Young Dawkins




Young Dawkins received a MALS in Creative Writing from Dartmouth College in 1987. He participated in the Frost Place Summer Festival of Poetry the next two summers, and in 2001 was awarded the Poetry Prize by the Seacoast Writers Association.
In June 2005, he was honoured with the creation of a Graduate Creative Writing Prize in his name at the University of New Hamshire.
Dawkins has had work published in several US literary journals including Currents and Concrete Wolf. His debut poetry collection The Lilac Thief was published in 2009 by the New Hampshire based Sargent Press, and the title poem from The Lilac Thief was included in the 2008 Poets’ Guide to New Hampshire.
In April 2010, another poem from the collection, Letter to My Unborn Child, was selected by Garrison Keillor for his Writer’s Almanac and broadcasted to millions of listeners on NPR.
Young was a central figure in the New Hampshire beat revival movement, where he helped found the Jazzmouth poetry festival in 2005, before moving to Scotland and becoming a regular on the Scottish Performance Poetry scene.

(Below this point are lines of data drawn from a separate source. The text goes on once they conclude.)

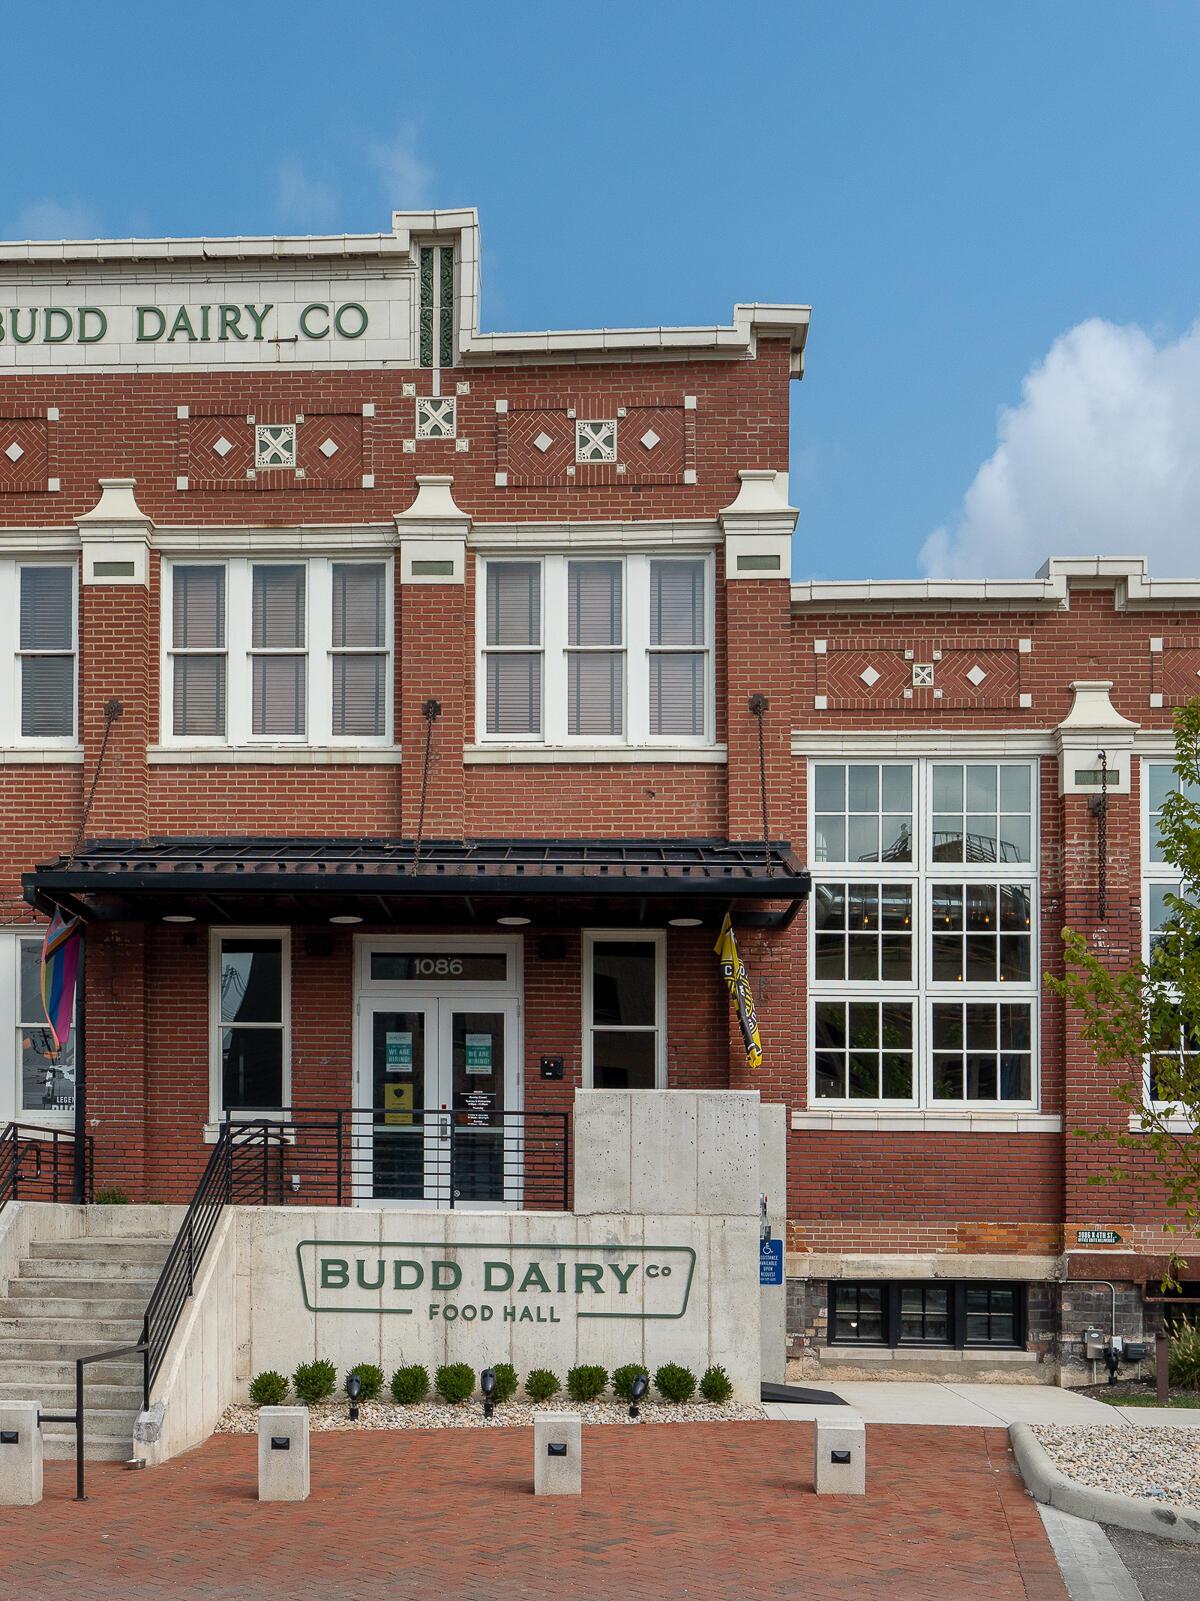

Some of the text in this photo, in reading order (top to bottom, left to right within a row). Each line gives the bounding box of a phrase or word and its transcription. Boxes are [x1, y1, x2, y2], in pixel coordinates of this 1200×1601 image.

[136, 304, 274, 343] DAIRY
[299, 302, 369, 339] CO
[414, 958, 464, 975] 1086
[320, 1258, 463, 1290] BUDD
[483, 1261, 639, 1294] DAIRY
[429, 1303, 561, 1323] FOOD HALL
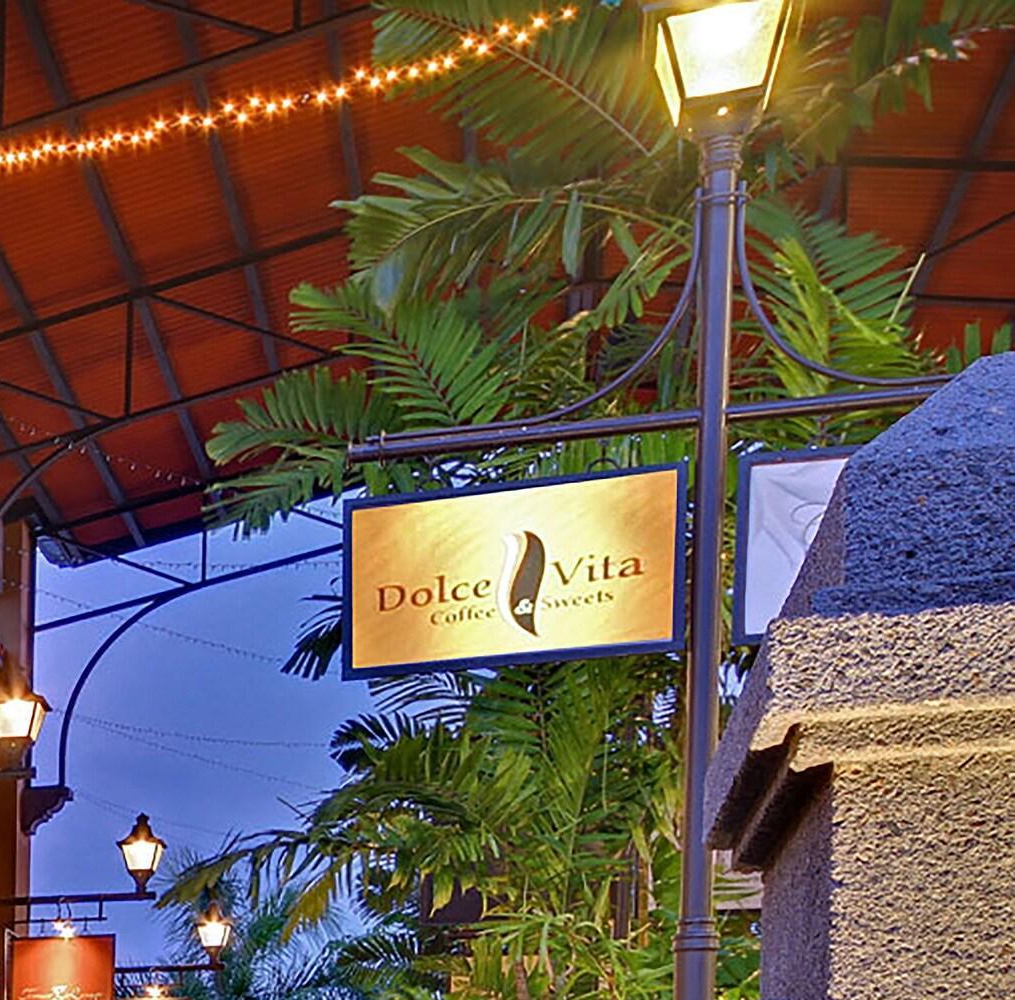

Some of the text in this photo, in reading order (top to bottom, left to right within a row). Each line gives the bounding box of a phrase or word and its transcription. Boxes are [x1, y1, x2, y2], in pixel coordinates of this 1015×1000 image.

[377, 554, 645, 612] Dolce Vita
[430, 606, 496, 626] Coffee
[542, 589, 615, 609] Sweets

He was the 2011 Scottish Slam Poetry Champion, and in June 2011 represented Scotland at the Slam Poetry World Cup in Paris. In August 2011, he performed a weeklong solo show at the Edinburgh Fringe, and he organised and hosted the BBC Edinburgh Fringe Poetry Slam from 2011-2013.
In September 2013 he moved to Tasmania with his wife and young son. He is the 2014 Hobart City Slam Champion, and was a guest poet at the 2016 Tasmanian Poetry Festival. He was also chair of the Tasmanian Writers Centre Board in 2016.